Segment Start: Records for the task

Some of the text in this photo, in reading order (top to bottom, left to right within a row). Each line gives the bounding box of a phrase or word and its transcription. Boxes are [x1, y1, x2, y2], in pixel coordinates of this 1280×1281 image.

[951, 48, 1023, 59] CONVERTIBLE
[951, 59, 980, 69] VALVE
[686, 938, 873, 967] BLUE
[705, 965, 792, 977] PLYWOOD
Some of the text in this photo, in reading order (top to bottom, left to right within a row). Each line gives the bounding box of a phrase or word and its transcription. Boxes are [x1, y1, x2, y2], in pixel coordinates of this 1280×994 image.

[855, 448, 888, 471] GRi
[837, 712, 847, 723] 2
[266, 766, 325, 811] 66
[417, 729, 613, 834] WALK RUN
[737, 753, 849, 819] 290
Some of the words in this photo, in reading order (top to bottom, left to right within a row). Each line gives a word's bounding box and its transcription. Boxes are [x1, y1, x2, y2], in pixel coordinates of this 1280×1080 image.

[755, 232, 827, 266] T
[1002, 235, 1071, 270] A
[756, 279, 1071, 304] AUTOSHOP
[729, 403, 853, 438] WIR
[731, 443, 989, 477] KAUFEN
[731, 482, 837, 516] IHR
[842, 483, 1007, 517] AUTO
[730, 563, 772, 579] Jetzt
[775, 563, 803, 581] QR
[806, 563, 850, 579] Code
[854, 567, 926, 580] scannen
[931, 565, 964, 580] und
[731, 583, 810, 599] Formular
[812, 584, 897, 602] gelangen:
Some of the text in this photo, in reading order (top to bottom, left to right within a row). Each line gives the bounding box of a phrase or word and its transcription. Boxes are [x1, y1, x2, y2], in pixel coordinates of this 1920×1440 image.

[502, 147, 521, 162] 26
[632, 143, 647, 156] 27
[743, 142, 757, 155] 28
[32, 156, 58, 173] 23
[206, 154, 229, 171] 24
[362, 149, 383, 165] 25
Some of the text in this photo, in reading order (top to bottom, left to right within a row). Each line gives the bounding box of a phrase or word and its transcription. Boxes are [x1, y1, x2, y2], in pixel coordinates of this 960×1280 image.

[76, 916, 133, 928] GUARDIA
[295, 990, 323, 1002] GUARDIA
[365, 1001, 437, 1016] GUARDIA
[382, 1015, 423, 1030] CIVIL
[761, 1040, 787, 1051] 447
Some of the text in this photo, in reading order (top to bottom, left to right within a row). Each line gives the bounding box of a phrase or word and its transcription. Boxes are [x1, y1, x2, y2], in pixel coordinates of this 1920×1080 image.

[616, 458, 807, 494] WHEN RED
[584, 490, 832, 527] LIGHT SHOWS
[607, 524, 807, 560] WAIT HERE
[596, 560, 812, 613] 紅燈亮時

Segment End: Records for the task

Print the material above once more, exactly.

Some of the text in this photo, in reading order (top to bottom, left to right within a row). Each line gives the bounding box of a phrase or word and its transcription. Boxes are [x1, y1, x2, y2], in pixel coordinates of this 1280×1281 image.

[951, 48, 1023, 59] CONVERTIBLE
[951, 59, 980, 69] VALVE
[686, 938, 873, 967] BLUE
[705, 965, 792, 977] PLYWOOD
Some of the text in this photo, in reading order (top to bottom, left to right within a row). Each line gives the bounding box of a phrase or word and its transcription. Boxes are [x1, y1, x2, y2], in pixel coordinates of this 1280×994 image.

[855, 448, 888, 471] GRi
[837, 712, 847, 723] 2
[266, 766, 325, 811] 66
[417, 729, 613, 834] WALK RUN
[737, 753, 849, 819] 290
Some of the words in this photo, in reading order (top to bottom, left to right within a row). Each line gives a word's bounding box and its transcription. Boxes are [x1, y1, x2, y2], in pixel coordinates of this 1280×1080 image.

[755, 232, 827, 266] T
[1002, 235, 1071, 270] A
[756, 279, 1071, 304] AUTOSHOP
[729, 403, 853, 438] WIR
[731, 443, 989, 477] KAUFEN
[731, 482, 837, 516] IHR
[842, 483, 1007, 517] AUTO
[730, 563, 772, 579] Jetzt
[775, 563, 803, 581] QR
[806, 563, 850, 579] Code
[854, 567, 926, 580] scannen
[931, 565, 964, 580] und
[731, 583, 810, 599] Formular
[812, 584, 897, 602] gelangen:
Some of the text in this photo, in reading order (top to bottom, left to right within a row). Each line gives the bounding box of a phrase or word and its transcription. Boxes are [x1, y1, x2, y2], in pixel coordinates of this 1920×1440 image.

[502, 147, 521, 162] 26
[632, 143, 647, 156] 27
[743, 142, 757, 155] 28
[32, 156, 58, 173] 23
[206, 154, 229, 171] 24
[362, 149, 383, 165] 25
Some of the text in this photo, in reading order (top to bottom, left to right within a row). Each line gives the bounding box of a phrase or word and its transcription. Boxes are [x1, y1, x2, y2], in pixel coordinates of this 960×1280 image.

[76, 916, 133, 928] GUARDIA
[295, 990, 323, 1002] GUARDIA
[365, 1001, 437, 1016] GUARDIA
[382, 1015, 423, 1030] CIVIL
[761, 1040, 787, 1051] 447
Some of the text in this photo, in reading order (top to bottom, left to right within a row). Each line gives the bounding box of a phrase or word and its transcription. Boxes are [x1, y1, x2, y2], in pixel coordinates of this 1920×1080 image.

[616, 458, 807, 494] WHEN RED
[584, 490, 832, 527] LIGHT SHOWS
[607, 524, 807, 560] WAIT HERE
[596, 560, 812, 613] 紅燈亮時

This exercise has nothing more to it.